Referring expression grounding data
::::::::::
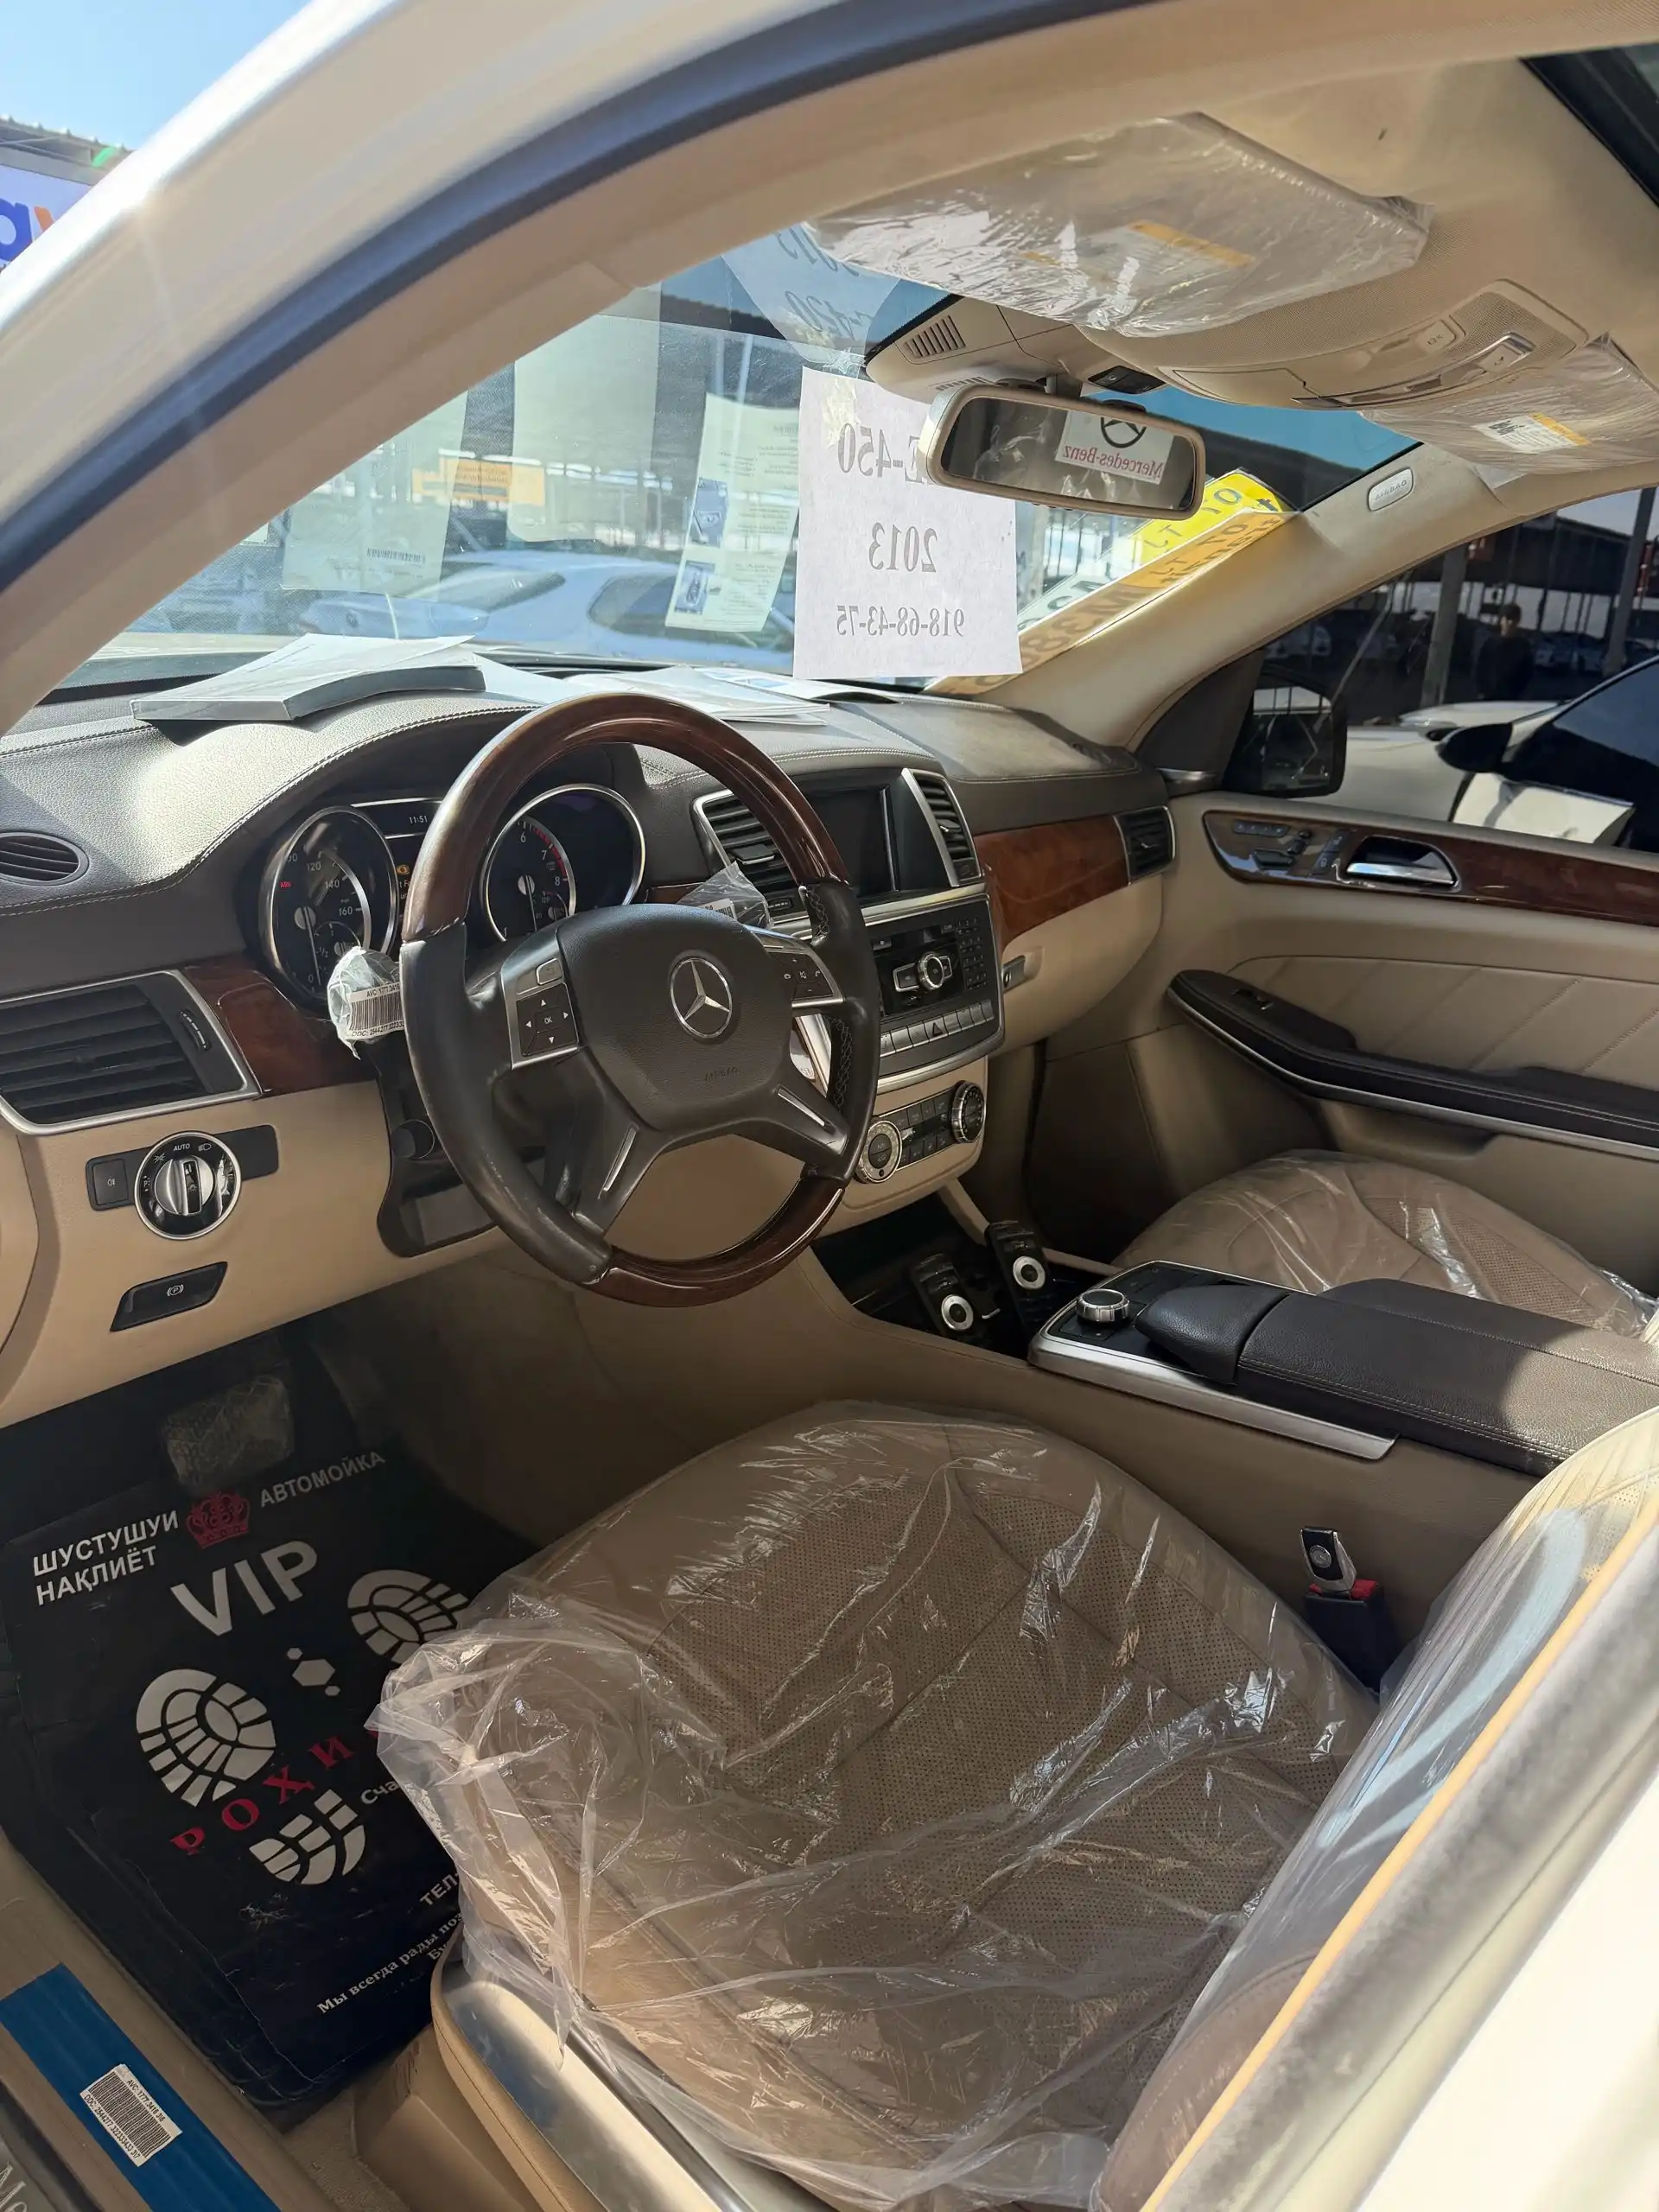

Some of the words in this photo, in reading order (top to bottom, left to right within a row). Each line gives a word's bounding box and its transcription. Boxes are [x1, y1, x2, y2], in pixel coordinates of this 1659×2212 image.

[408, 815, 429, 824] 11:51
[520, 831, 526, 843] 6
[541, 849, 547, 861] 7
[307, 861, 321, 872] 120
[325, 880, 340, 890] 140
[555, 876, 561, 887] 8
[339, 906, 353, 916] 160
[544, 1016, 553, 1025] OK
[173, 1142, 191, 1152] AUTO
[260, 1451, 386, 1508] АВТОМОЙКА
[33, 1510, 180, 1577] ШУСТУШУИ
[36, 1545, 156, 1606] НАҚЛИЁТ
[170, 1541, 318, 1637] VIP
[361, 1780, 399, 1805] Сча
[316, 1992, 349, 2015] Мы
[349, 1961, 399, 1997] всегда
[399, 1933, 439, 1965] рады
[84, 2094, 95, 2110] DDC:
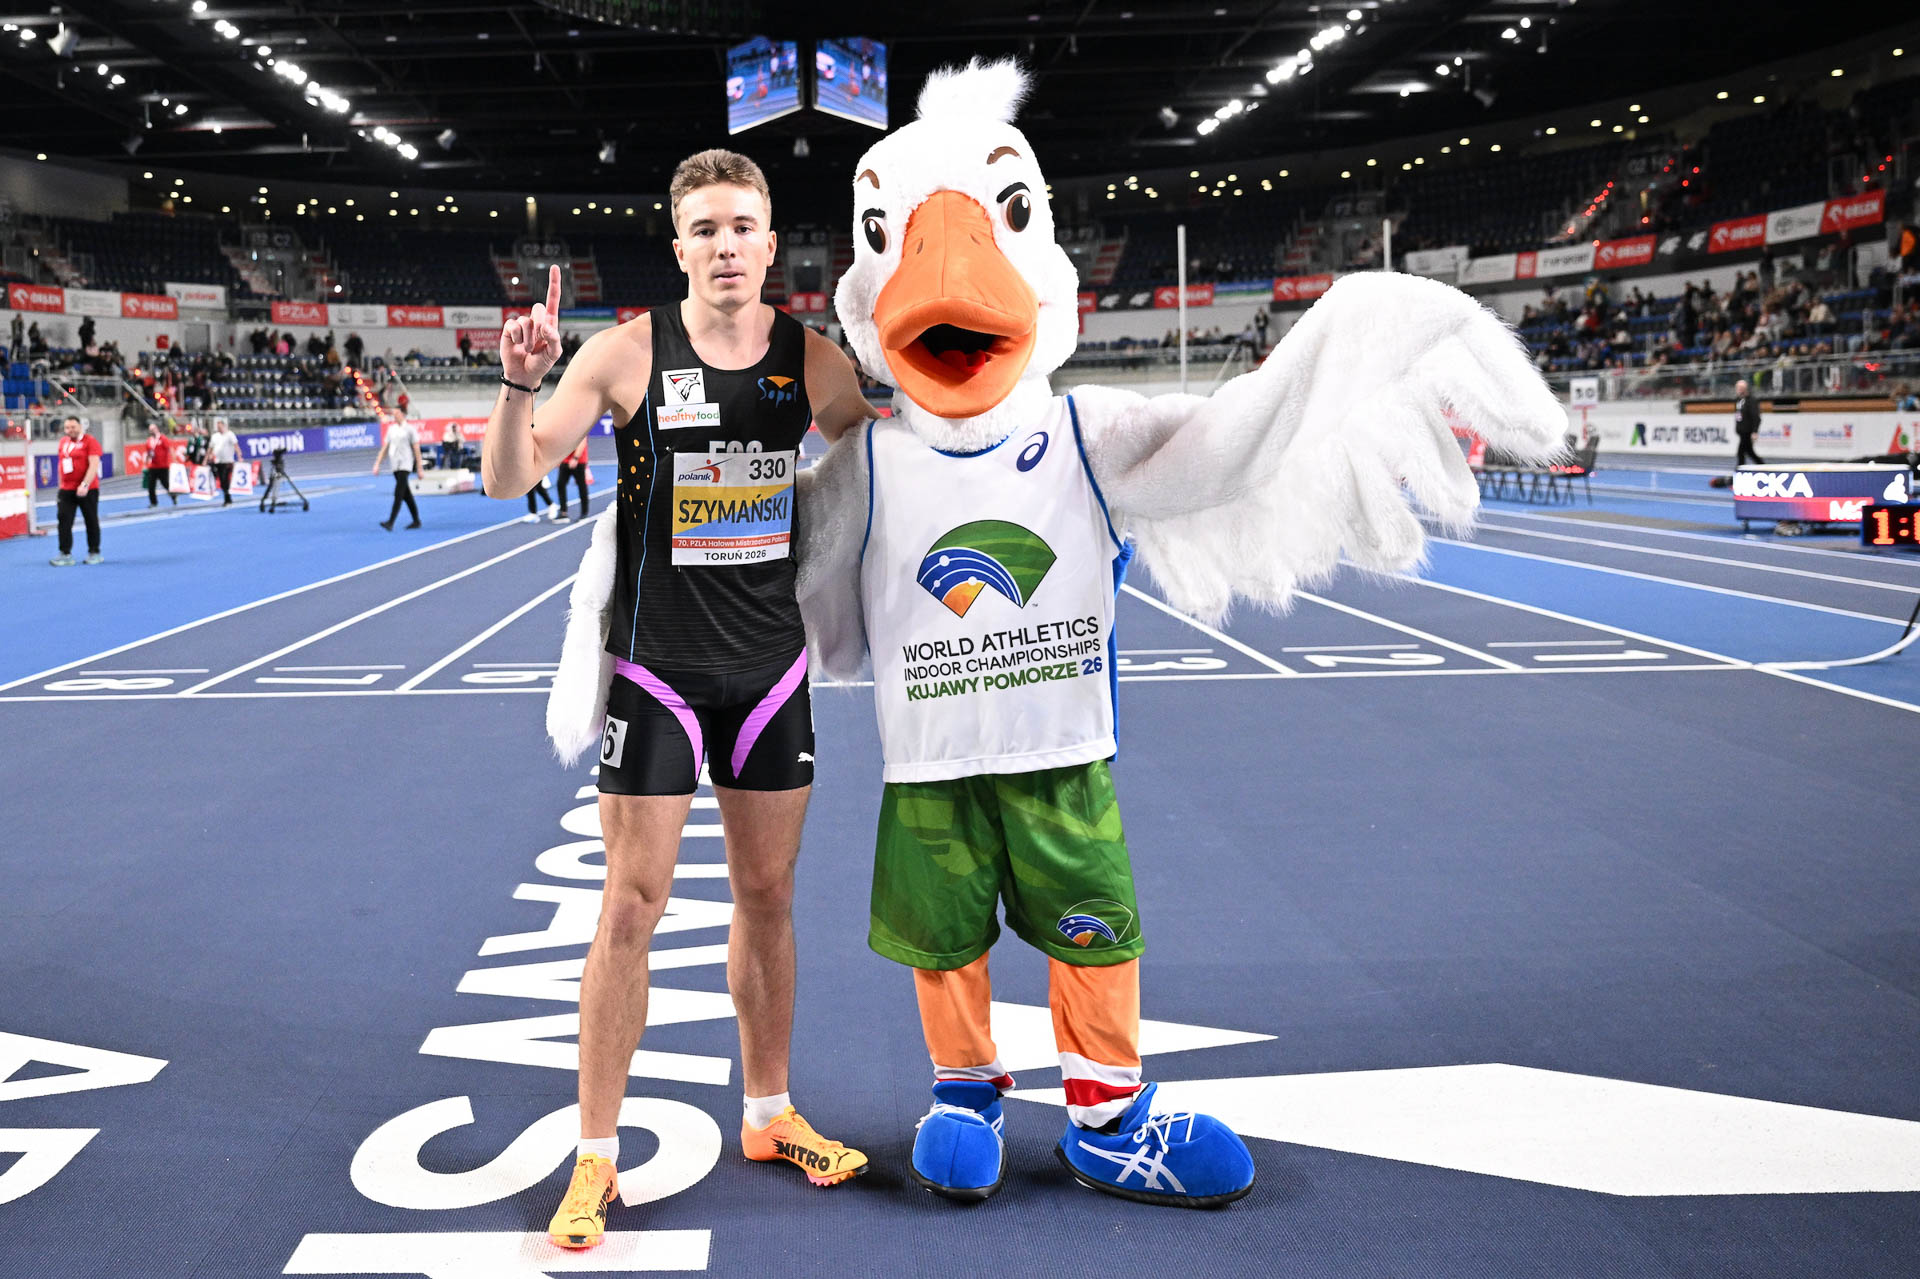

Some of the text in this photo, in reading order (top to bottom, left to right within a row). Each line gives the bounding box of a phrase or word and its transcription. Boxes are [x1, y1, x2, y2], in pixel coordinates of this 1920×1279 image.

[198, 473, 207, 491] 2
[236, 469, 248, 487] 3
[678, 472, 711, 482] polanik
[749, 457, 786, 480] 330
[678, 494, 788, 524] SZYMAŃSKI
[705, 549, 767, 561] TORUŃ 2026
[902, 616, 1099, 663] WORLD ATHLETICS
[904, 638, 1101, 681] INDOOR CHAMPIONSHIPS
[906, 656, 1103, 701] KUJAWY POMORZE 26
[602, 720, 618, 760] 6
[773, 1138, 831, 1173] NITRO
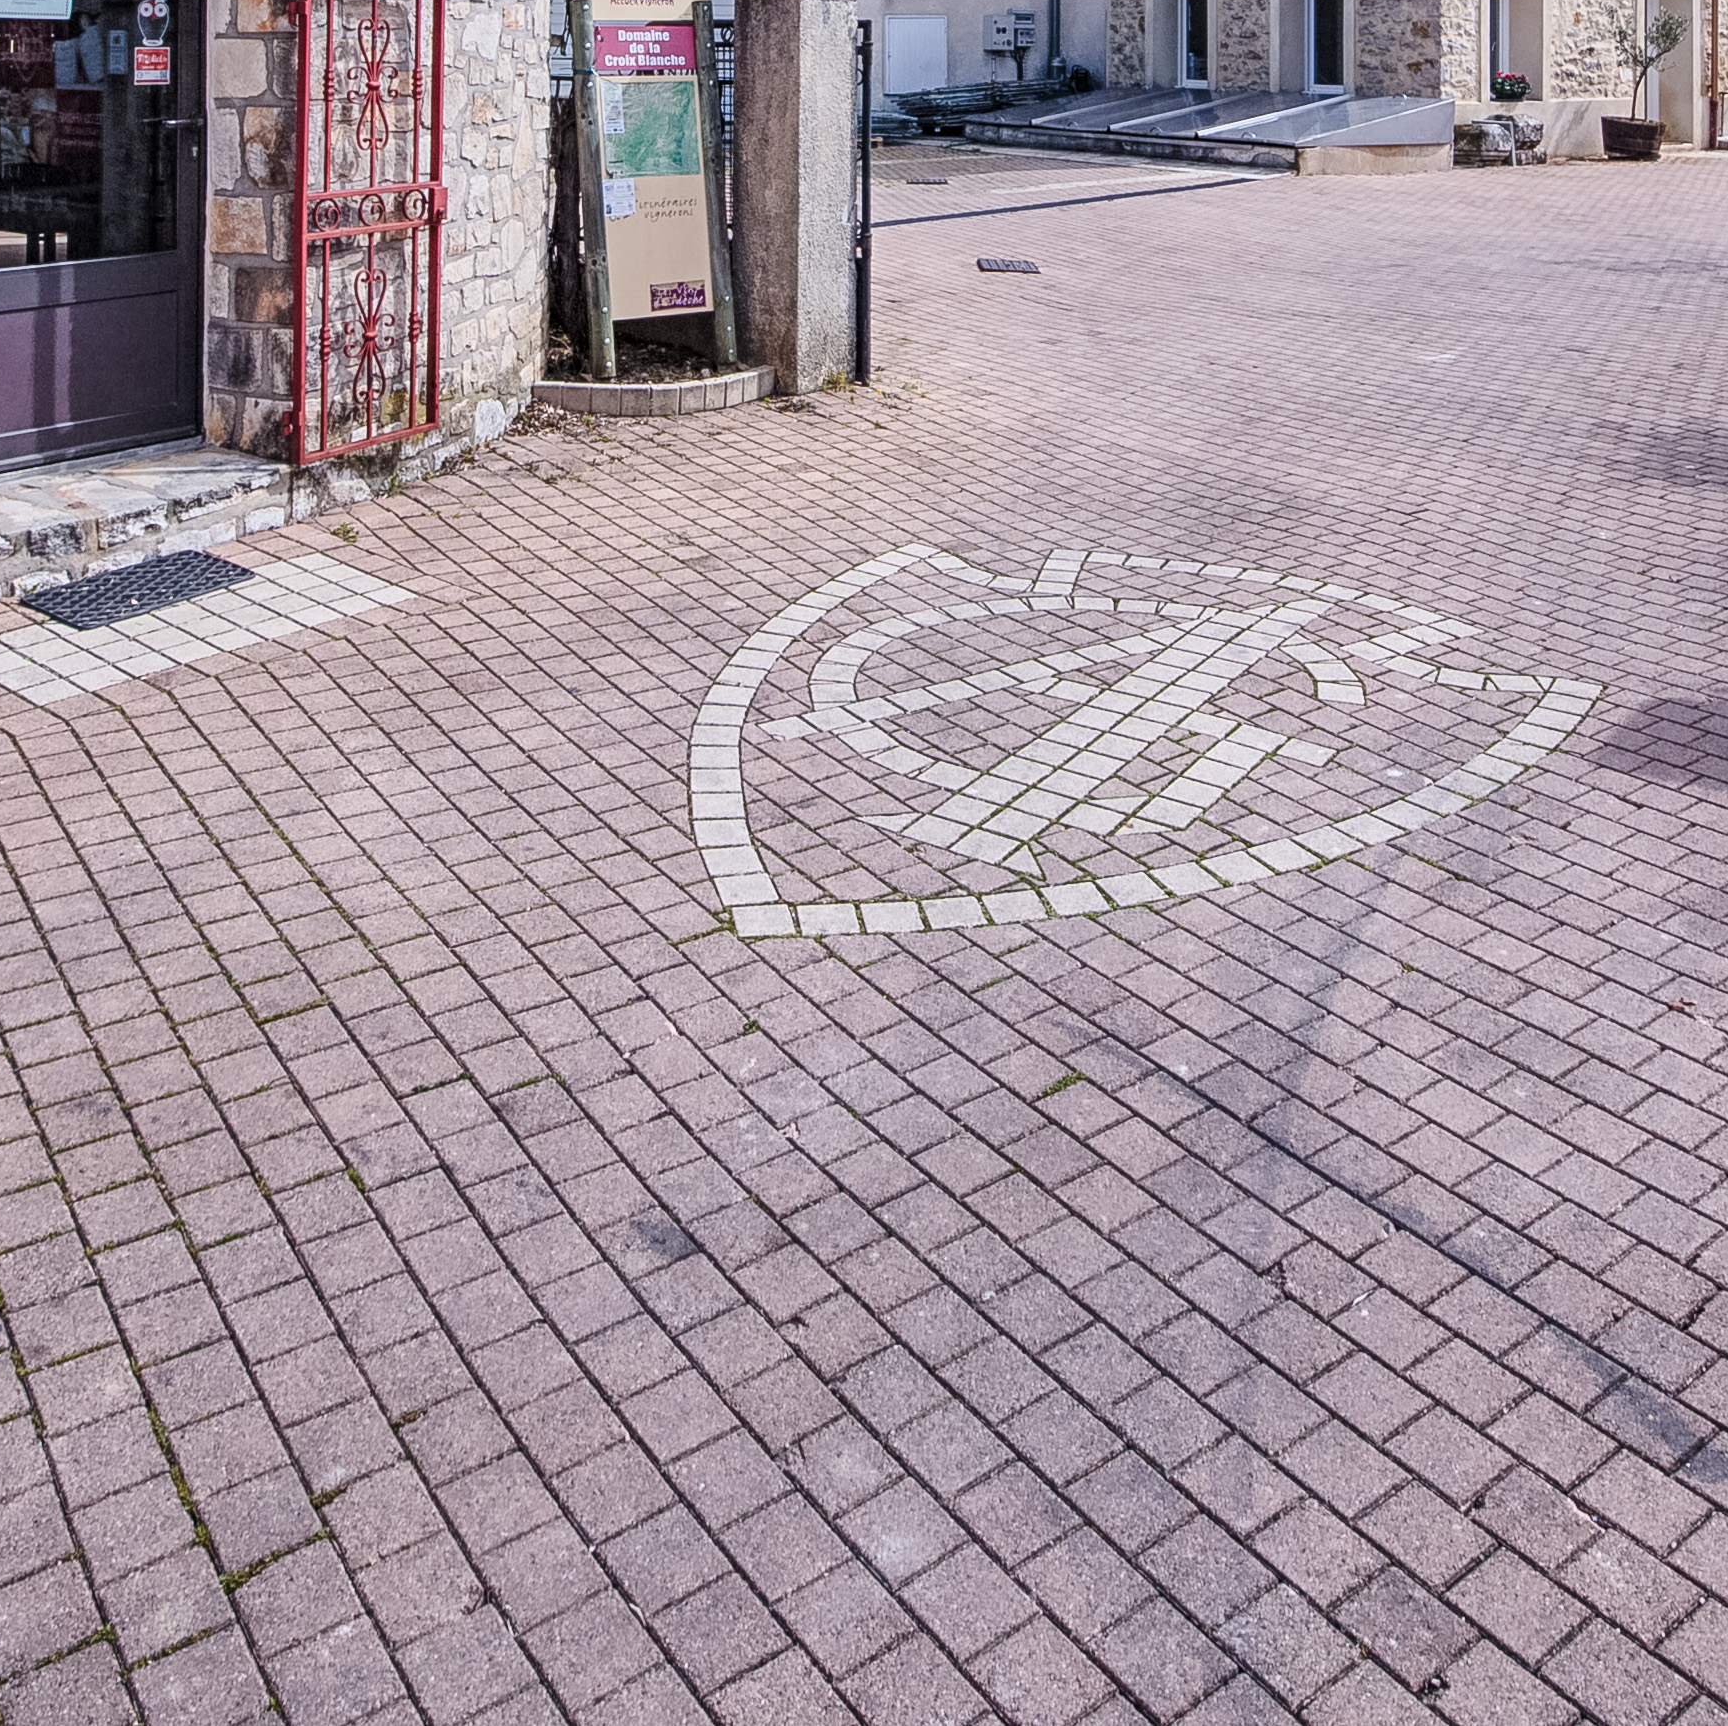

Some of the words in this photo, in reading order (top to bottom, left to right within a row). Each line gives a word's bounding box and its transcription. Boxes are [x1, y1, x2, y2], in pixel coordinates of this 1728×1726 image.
::::::::::
YOUR INSTRUCTIONS:
Restate every record exactly, please; do not copy the pictures.

ANSWER SPACE:
Some of the words in this photo, in reading order (top to bottom, left to right within a row). Each line gives a word's bounding box and its transcription. Boxes are [x1, y1, x2, y2], in pixel coordinates of this 1659×2212 image.

[408, 815, 429, 824] 11:51
[520, 831, 526, 843] 6
[541, 849, 547, 861] 7
[307, 861, 321, 872] 120
[325, 880, 340, 890] 140
[555, 876, 561, 887] 8
[339, 906, 353, 916] 160
[544, 1016, 553, 1025] OK
[173, 1142, 191, 1152] AUTO
[260, 1451, 386, 1508] АВТОМОЙКА
[33, 1510, 180, 1577] ШУСТУШУИ
[36, 1545, 156, 1606] НАҚЛИЁТ
[170, 1541, 318, 1637] VIP
[361, 1780, 399, 1805] Сча
[316, 1992, 349, 2015] Мы
[349, 1961, 399, 1997] всегда
[399, 1933, 439, 1965] рады
[84, 2094, 95, 2110] DDC:

Some of the text in this photo, in reading order (top to bottom, left to right within a row). Each line gives the bounding box of a phrase or word and its transcription. Boxes are [x1, y1, x2, y2], in pixel coordinates of this 1920×1279 image.

[198, 473, 207, 491] 2
[236, 469, 248, 487] 3
[678, 472, 711, 482] polanik
[749, 457, 786, 480] 330
[678, 494, 788, 524] SZYMAŃSKI
[705, 549, 767, 561] TORUŃ 2026
[902, 616, 1099, 663] WORLD ATHLETICS
[904, 638, 1101, 681] INDOOR CHAMPIONSHIPS
[906, 656, 1103, 701] KUJAWY POMORZE 26
[602, 720, 618, 760] 6
[773, 1138, 831, 1173] NITRO

Some of the words in this photo, in reading order (top to bottom, left to right within a row). Each line gives a word's bounding box and its transcription. Boxes are [x1, y1, x2, y2], in pixel coordinates of this 1728×1726 image.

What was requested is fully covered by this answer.